As brutais vergastadas a que foi submetido o jovem norte-americano Michael Fay por atos de vandalismo em Cingapura sugerem uma reflexão sobre os delitos e as penas. Como bem o demonstra a reação da população norte-americana –que, segundo a maioria das pesquisas, apoiou o castigo–, as pessoas tendem a considerar que, quanto mais duras forem as penas, menor será a taxa de criminalidade.
E os defensores dessa tese absurda gostam de citar Cingapura como exemplo. De fato, o sistema legal dessa cidade-Estado é draconiano. Em nome da limpeza pública, as gomas de mascar foram banidas do país e quem as contrabandear pode ir para a cadeia. Cerca de 30 crimes são punidos com o açoite, além de cadeia e multas. Traficantes de drogas são enforcados.
Não se pode negar que Cingapura seja uma das cidades mais limpas do mundo, mas a criminalidade, embora não seja endêmica, existe. Fica claro, assim, que nem mesmo o terror legiferante é capaz de acabar com o crime. Nesse sentido, o espancamento do jovem norte-americano não passa de um espetáculo cruel que fere a integridade física e mental de uma pessoa sem contribuir significativamente para a manutenção da ordem.
A tendência de todos os países ocidentais vem sendo a de abandonar a aplicação de penas desumanas, procurando transformá-las não num mero castigo ou vingança, mas numa oportunidade de reeducar o criminoso devolvendo-o recuperado à sociedade. E foi graças a essa tendência que o suplício da roda e seus congêneres desapareceram.

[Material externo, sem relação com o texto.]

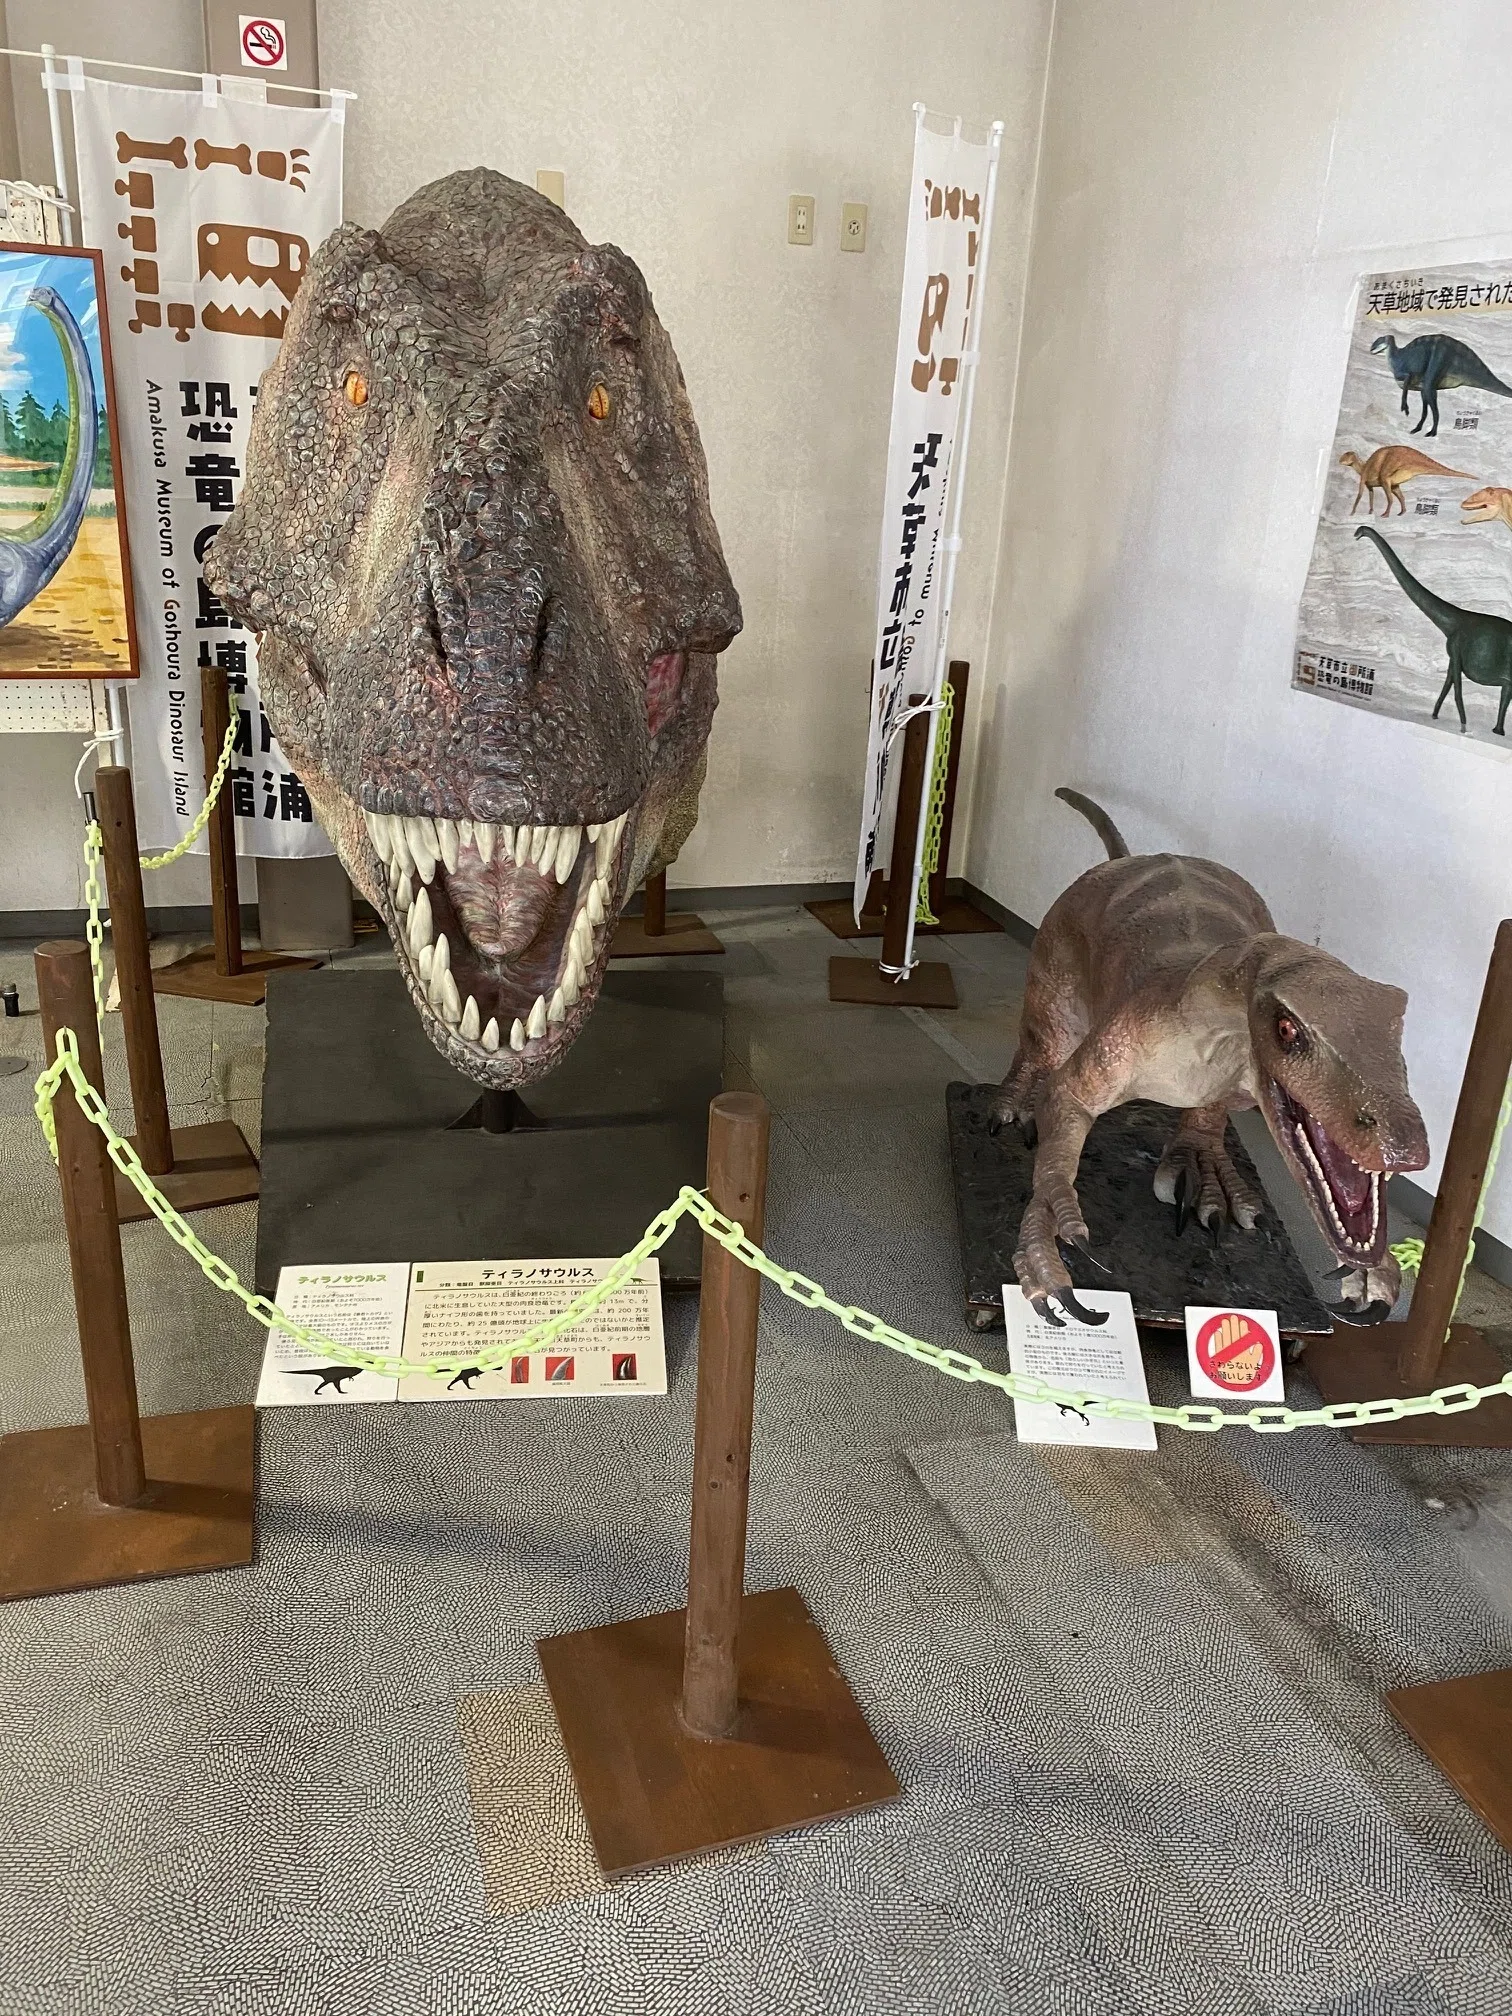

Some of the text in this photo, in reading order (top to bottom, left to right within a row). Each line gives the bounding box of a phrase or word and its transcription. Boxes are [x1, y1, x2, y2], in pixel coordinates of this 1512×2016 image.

[145, 379, 189, 817] Amakusa Museum of Goshoura Dinosaur Island
[298, 1274, 387, 1285] ティラノサウルス
[482, 1267, 594, 1280] ティラノサウルス
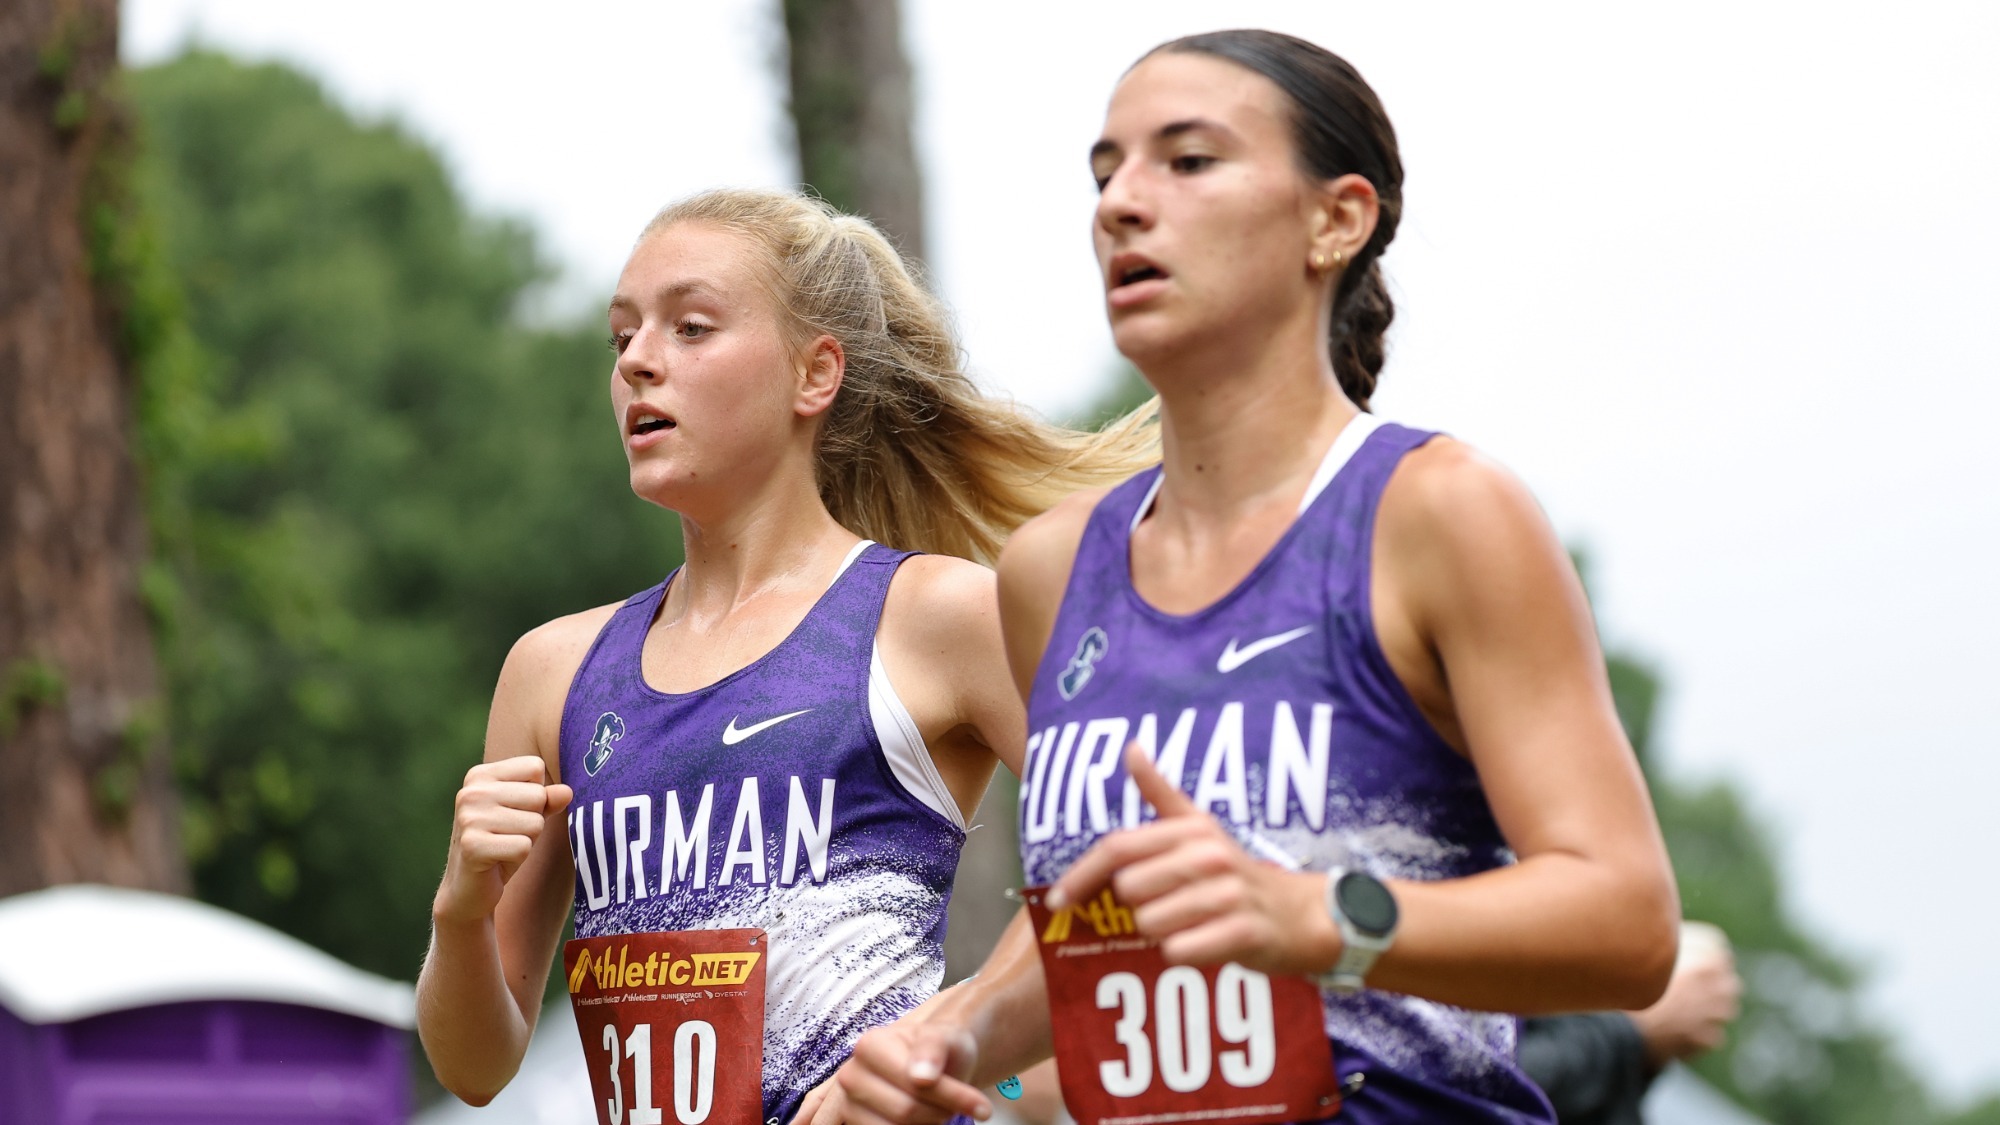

Já no século 18, o grande jurista Cesare Beccaria escreveu: "Um dos maiores freios dos delitos não é a crueldade das penas, mas a sua infalibilidade". E não é outra a explicação para o sucesso de Cingapura no campo da limpeza pública. Lá as multas para os poluidores (sanções estas sim proporcionais e educativas) são de fato aplicadas.